In Spring 2013, Villanova math major Stephanie Perez chose to study multiplicative persistence as her senior seminar project.  The paper is:  Stephanie Perez and Robert Styer, Persistence: A Digit Problem. Involve: a journal of mathematics Vol 8, Issue 3 (2015), pp. 439-446.

Here is a version of the paper; the abstract is:
We examine the persistence of a number, defined as the number of iterations of the function which multiplies the digits of a number until one reaches a single digit number. We give numerical evidence supporting Sloane's 1973 conjecture that there exists a maximum persistence for every base. In particular, we give evidence that the maximum persistence in each base 2 through 12 is 1, 3, 3, 6, 5, 8, 6, 7, 11, 13, 7, respectively.

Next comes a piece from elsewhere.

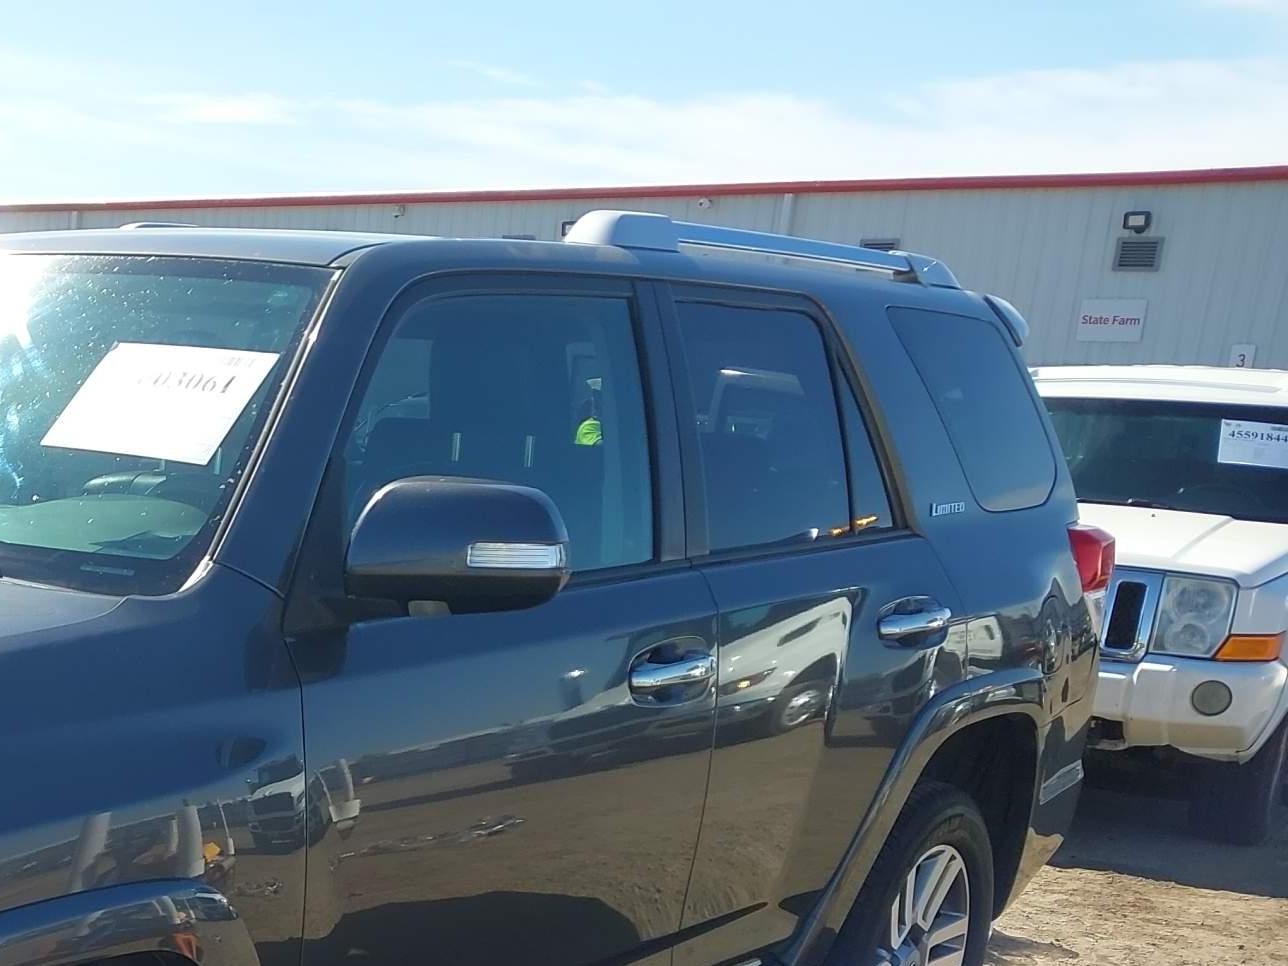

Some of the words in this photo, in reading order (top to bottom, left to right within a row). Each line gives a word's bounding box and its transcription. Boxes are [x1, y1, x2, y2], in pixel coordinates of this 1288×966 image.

Here are some supporting Maple calculations: base10, bases3to9highpowers, bases4to11lowpowers, base11high, base12

For bigger bases, we have not gone high enough to safely conjecture the true value, but lower bounds for the maximum persistence are: 
15 for base 13;
13 for base 14;
11 for base 15;
8 for base 16. 

 

In Fall 2016, Villanova math major Colin Lubner studied multiplicative persistence, focusing on the cases when the fixed point is nonzero.  Surprisingly, in base 10 the only numbers collapsing to 1, 3, 7, or 9 have persistence at most 1. The same surprising result occurs with relatively prime digits in bases 4, 6 and 12. 

The paper also gives the probable maximum persistence for other digits in base 10:
Theorem.
Let n < 10^1000 be a positive integer.
If f^k(n) = 2, the persistence k is at most 6; only n with f(n) = 2^6*7^8 have persistence 6.
If f^k(n) = 4, the persistence k is at most 5; only n with f(n) = 2^23*3^7*7^1 have persistence 5.
If f^k(n) = 5, the persistence k is at most 5; only n with f(n) = 3^5*5^1*7^2 or 3^2*5^2*7^1 or 3^2*5^2*7^3 have
persistence 5.
If f^k(n) = 6, the persistence k is at most 8; only n with f(n) = 2^6*3^27*7^1 have persistence 8.
If f^k(n) = 8, the persistence k is at most 6; only n with f(n) = 2^20*3^5*7^1 or 2^39*3^3*7^2 have persistence 6.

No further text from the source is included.